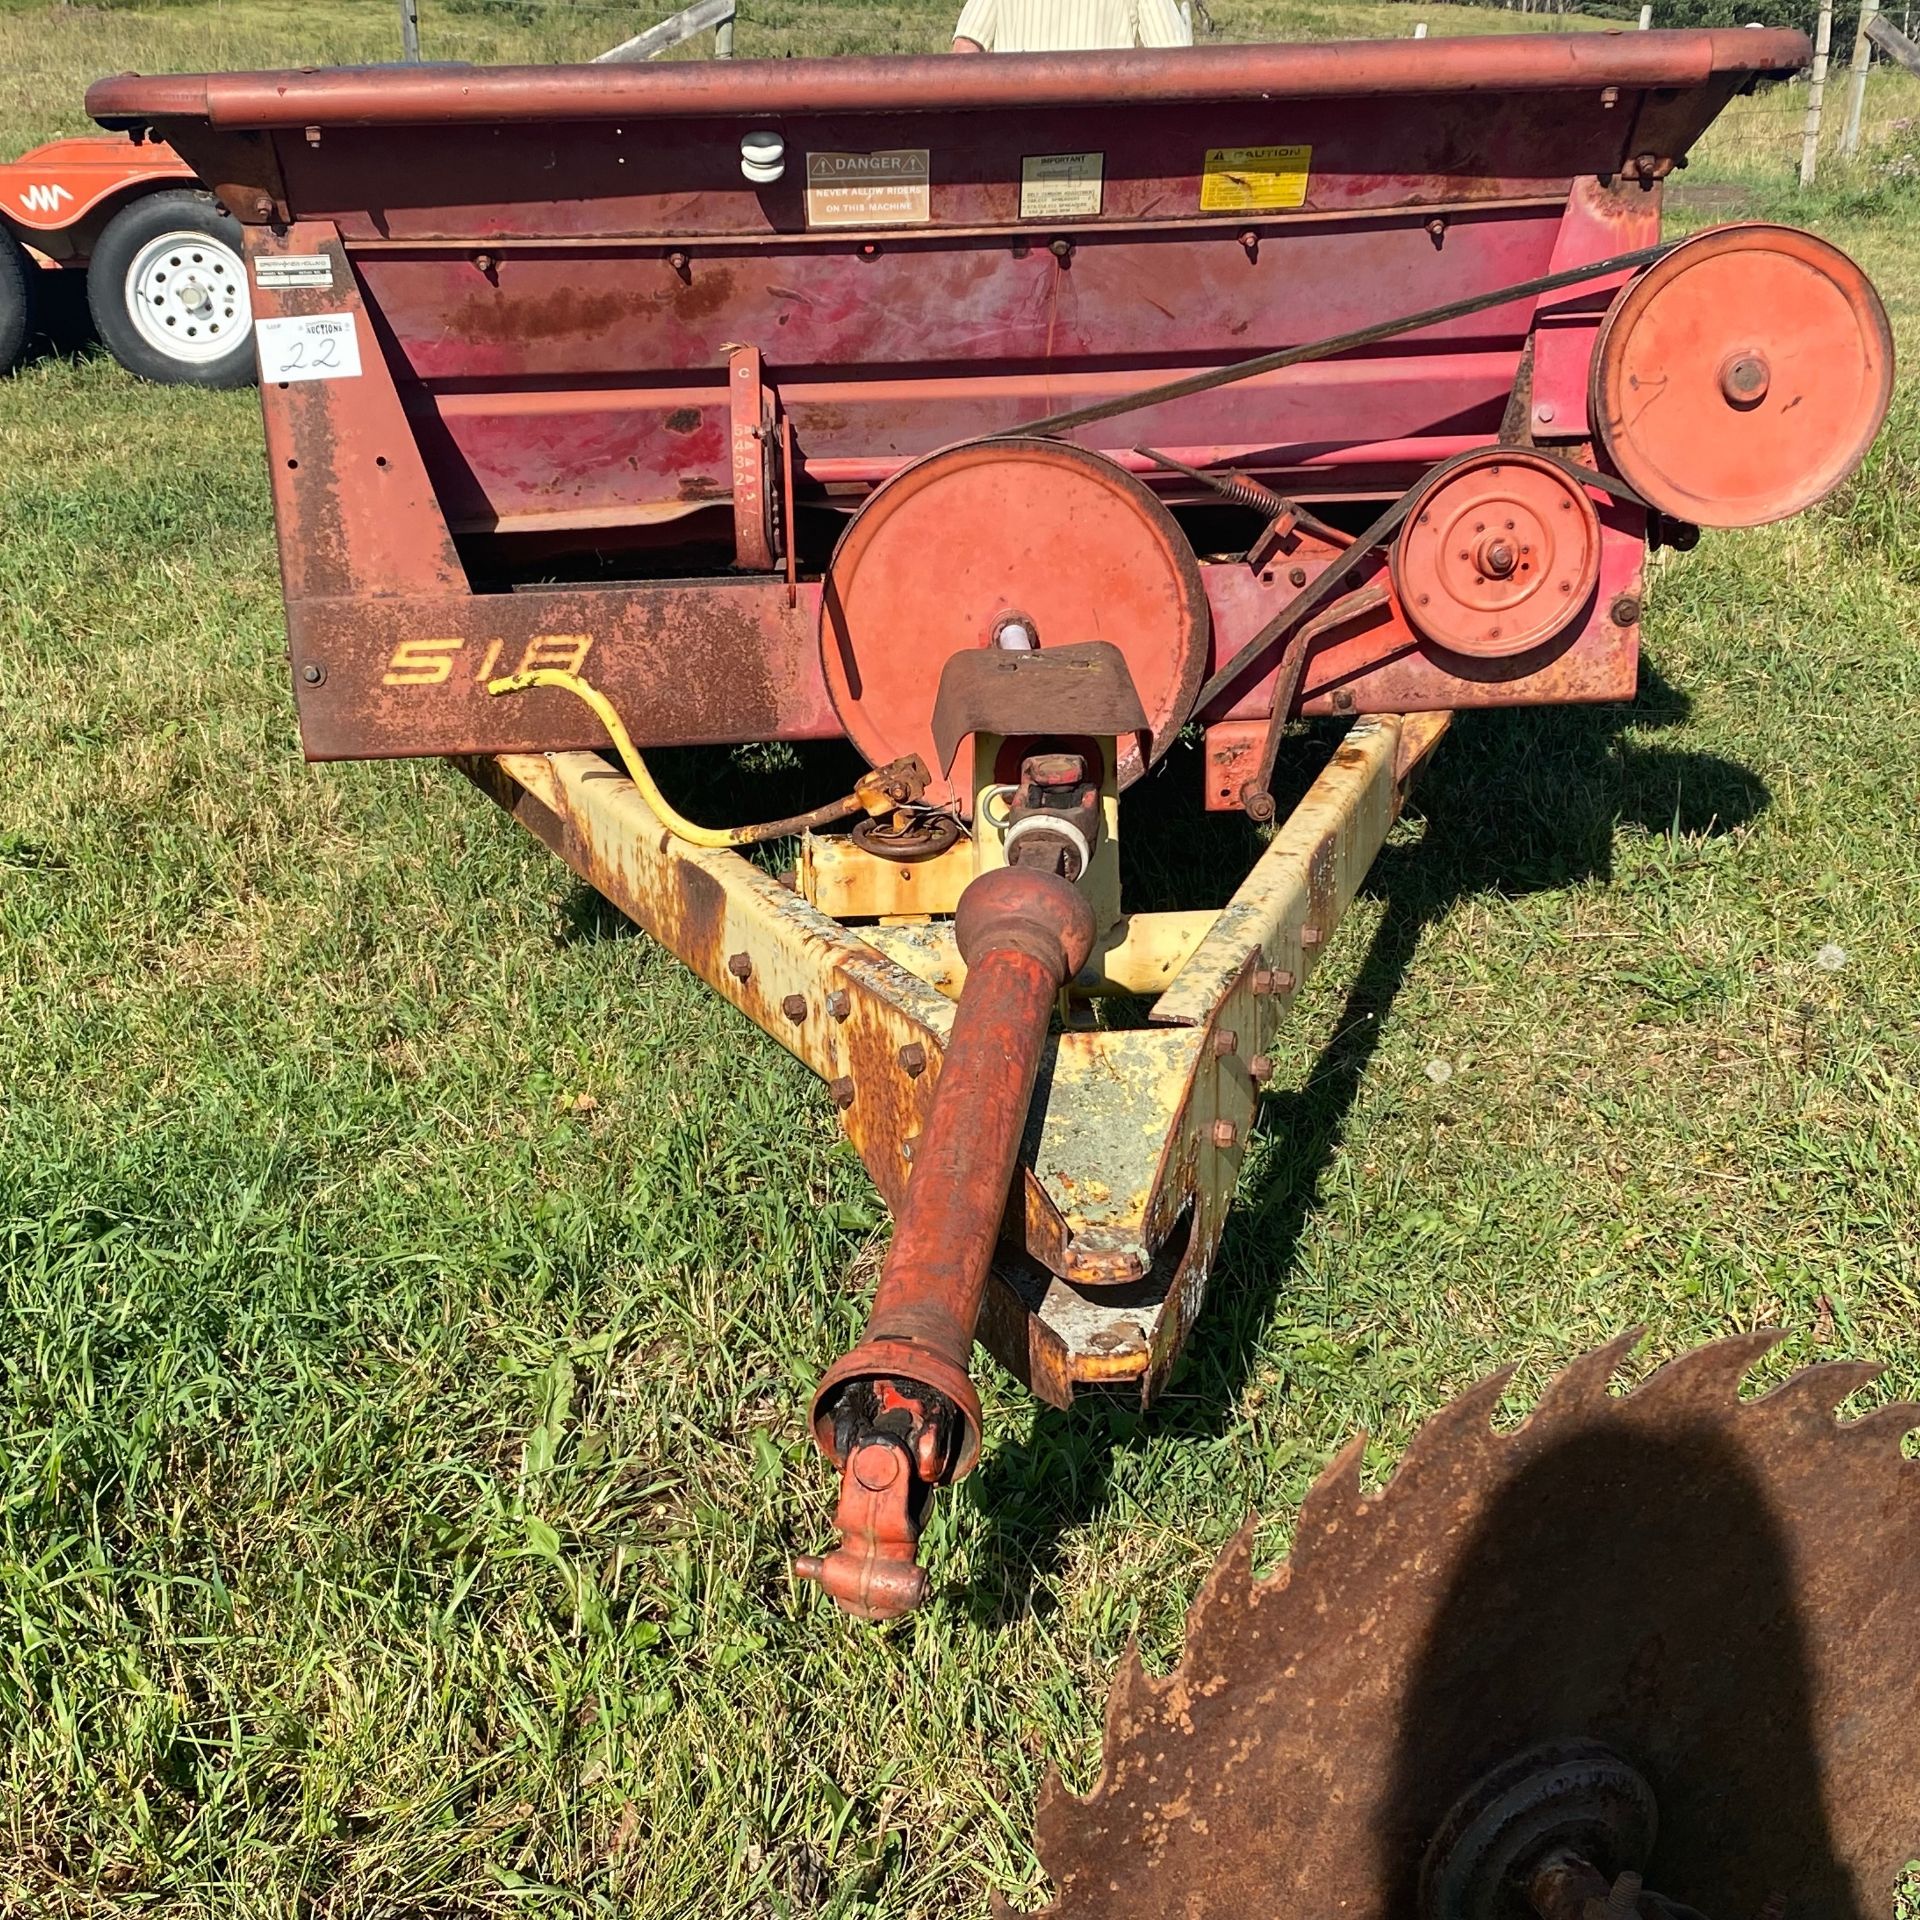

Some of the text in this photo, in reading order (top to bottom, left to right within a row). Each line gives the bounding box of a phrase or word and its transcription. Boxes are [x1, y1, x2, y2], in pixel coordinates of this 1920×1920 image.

[1040, 155, 1086, 164] IMPORTANT
[1233, 147, 1301, 159] CAUTION
[835, 157, 901, 170] DANGER
[816, 185, 922, 198] NEVER ALLOW RIDERS
[826, 202, 912, 213] ON THIS MACHINE
[280, 338, 341, 372] 22
[738, 367, 750, 378] C
[733, 424, 746, 437] 5
[734, 439, 746, 452] 4
[734, 455, 746, 469] 3
[735, 472, 746, 486] 2

_TASK DESCRIPTION_.
The expected output is each record, copied exactly, and nothing in place of the pictures.

_RESULT_.
Some of the text in this photo, in reading order (top to bottom, left to right within a row). Each line gives the bounding box of a phrase or word and its transcription. Boxes are [x1, y1, x2, y2], in pixel coordinates of this 1920×1920 image.

[1040, 155, 1086, 164] IMPORTANT
[1233, 147, 1301, 159] CAUTION
[835, 157, 901, 170] DANGER
[816, 185, 922, 198] NEVER ALLOW RIDERS
[826, 202, 912, 213] ON THIS MACHINE
[280, 338, 341, 372] 22
[738, 367, 750, 378] C
[733, 424, 746, 437] 5
[734, 439, 746, 452] 4
[734, 455, 746, 469] 3
[735, 472, 746, 486] 2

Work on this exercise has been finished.